[Goal of the exercise]
Restate word for word all of the lines below, with each image left out.

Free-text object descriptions
+ + +

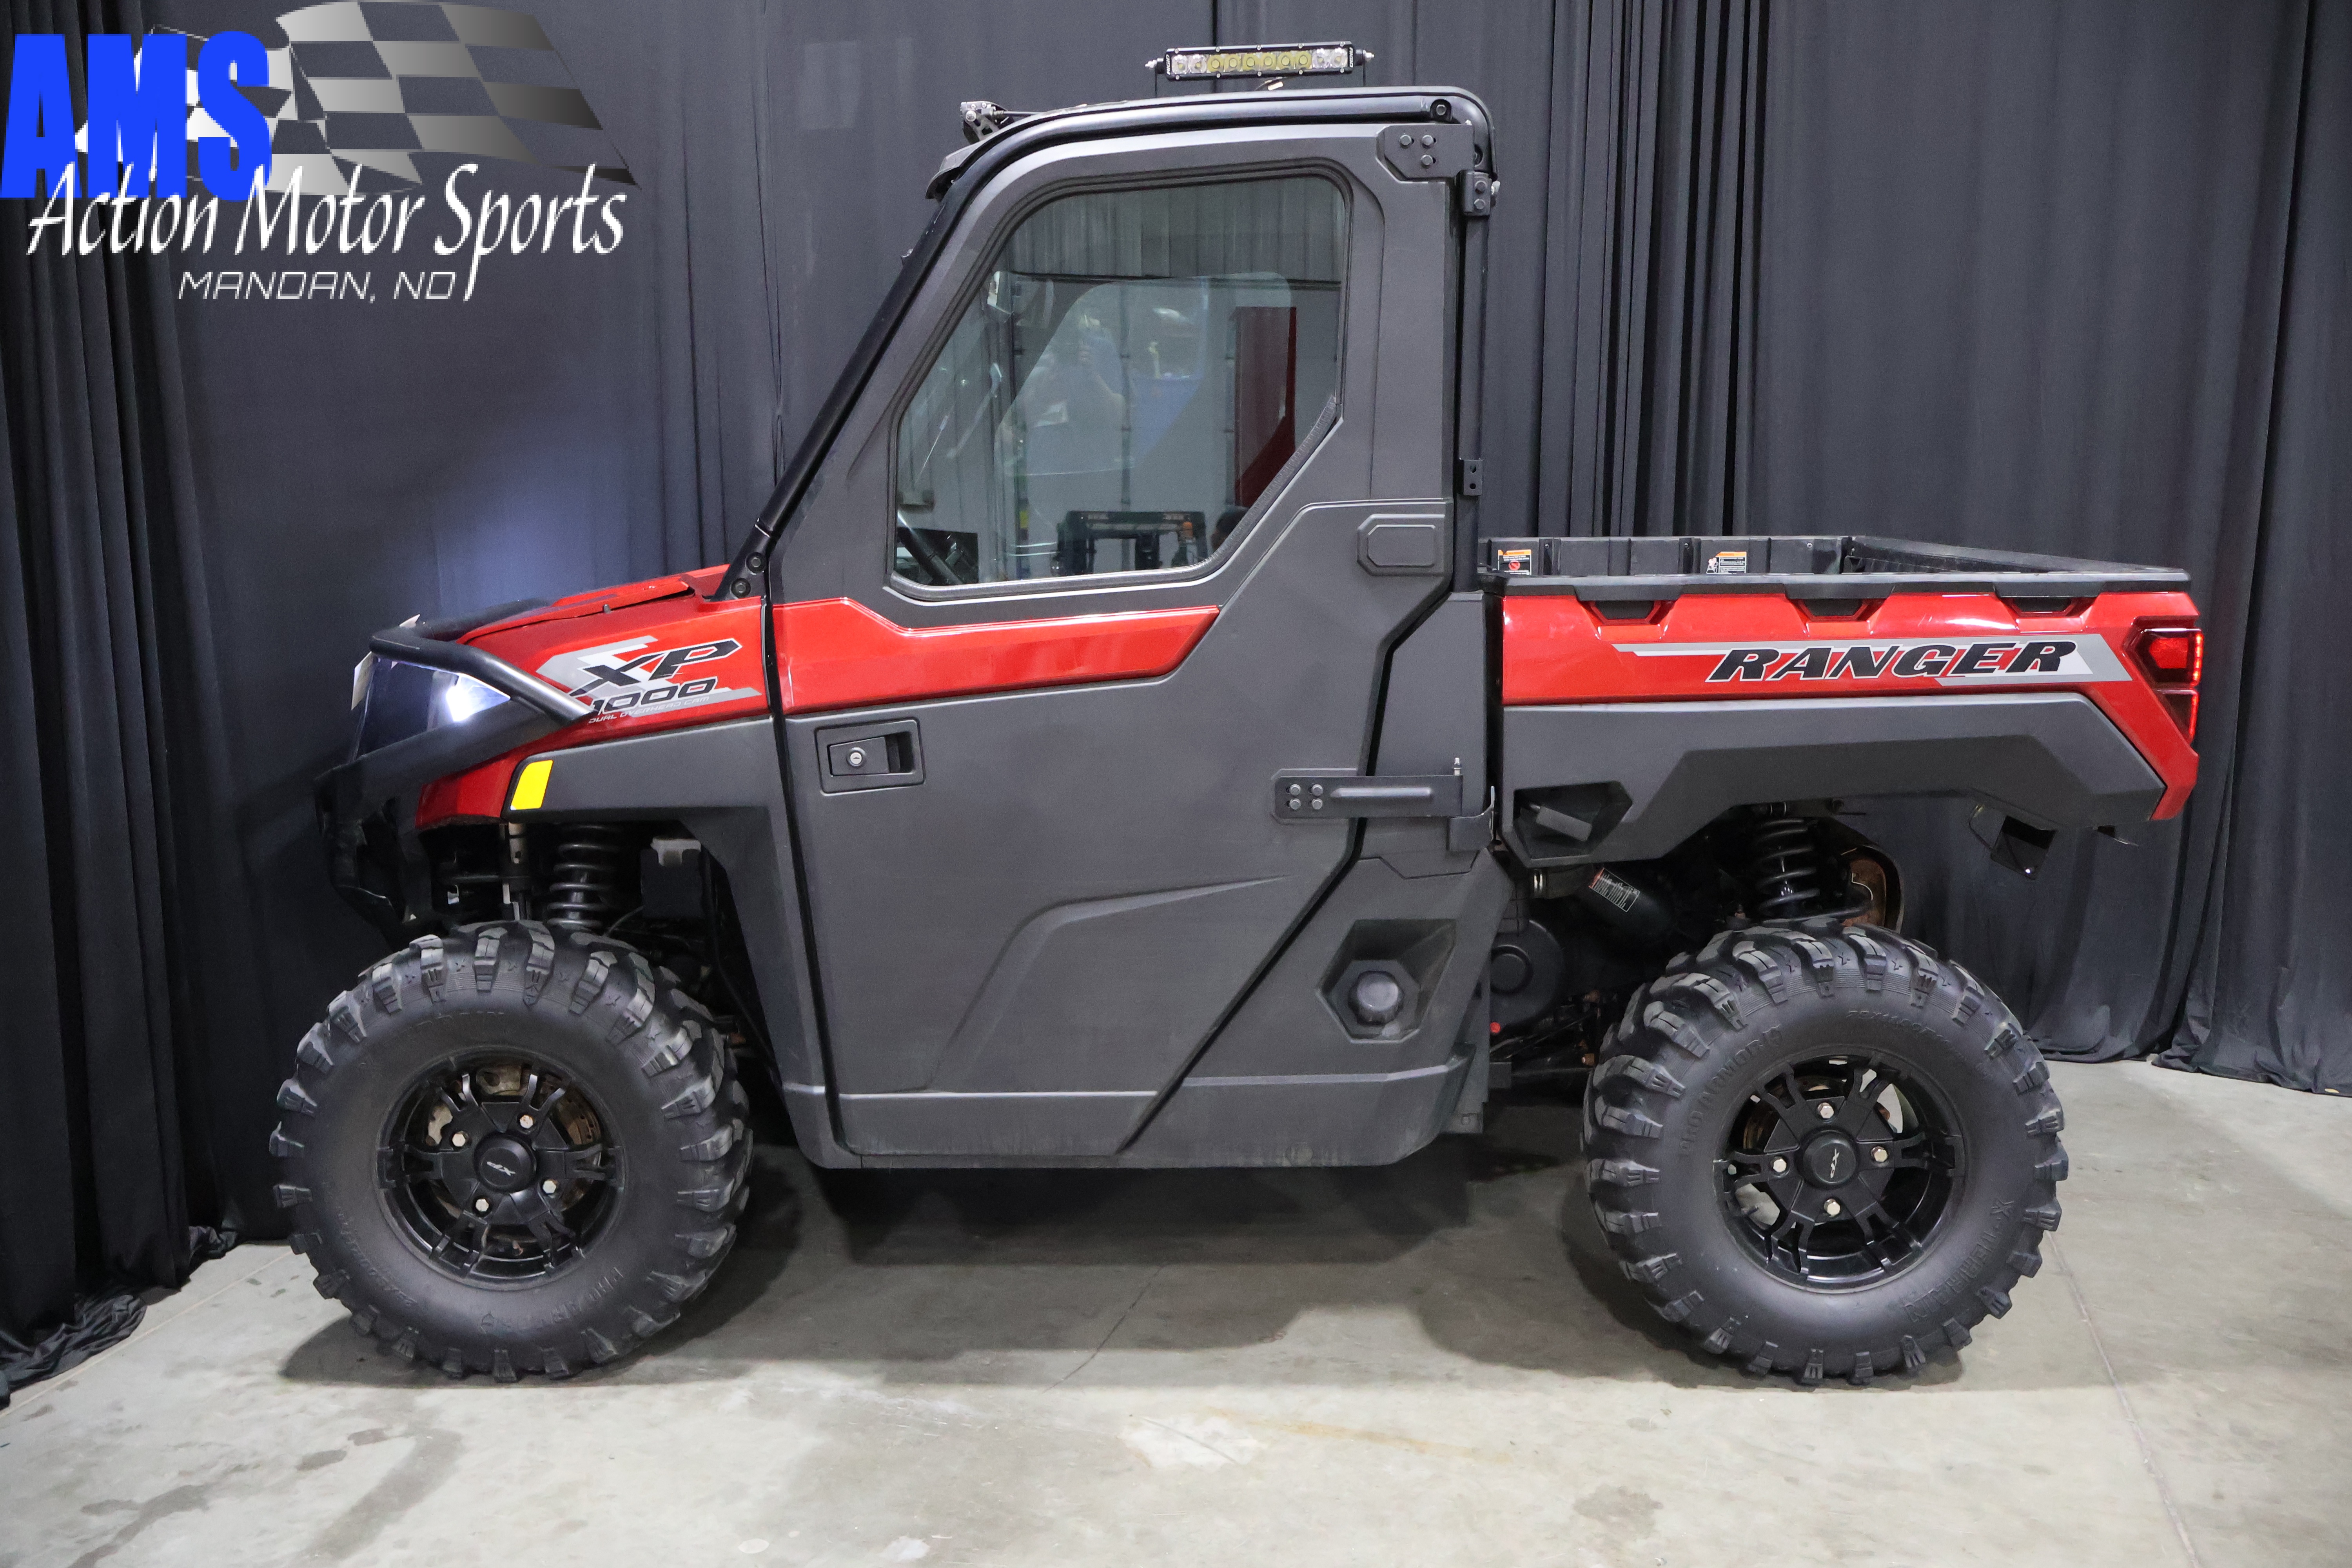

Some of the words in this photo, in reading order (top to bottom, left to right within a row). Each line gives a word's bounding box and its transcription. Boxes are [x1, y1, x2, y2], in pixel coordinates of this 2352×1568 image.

[568, 638, 742, 697] XP
[1705, 641, 2078, 682] RANGER
[588, 713, 617, 724] DUAL
[619, 702, 682, 717] OVERHEAD
[684, 695, 710, 706] CAM
[592, 676, 718, 716] 1000

+ + +

[Response]
Some of the words in this photo, in reading order (top to bottom, left to right within a row). Each line gives a word's bounding box and its transcription. Boxes are [x1, y1, x2, y2], in pixel coordinates of this 2352×1568 image.

[568, 638, 742, 697] XP
[1705, 641, 2078, 682] RANGER
[588, 713, 617, 724] DUAL
[619, 702, 682, 717] OVERHEAD
[684, 695, 710, 706] CAM
[592, 676, 718, 716] 1000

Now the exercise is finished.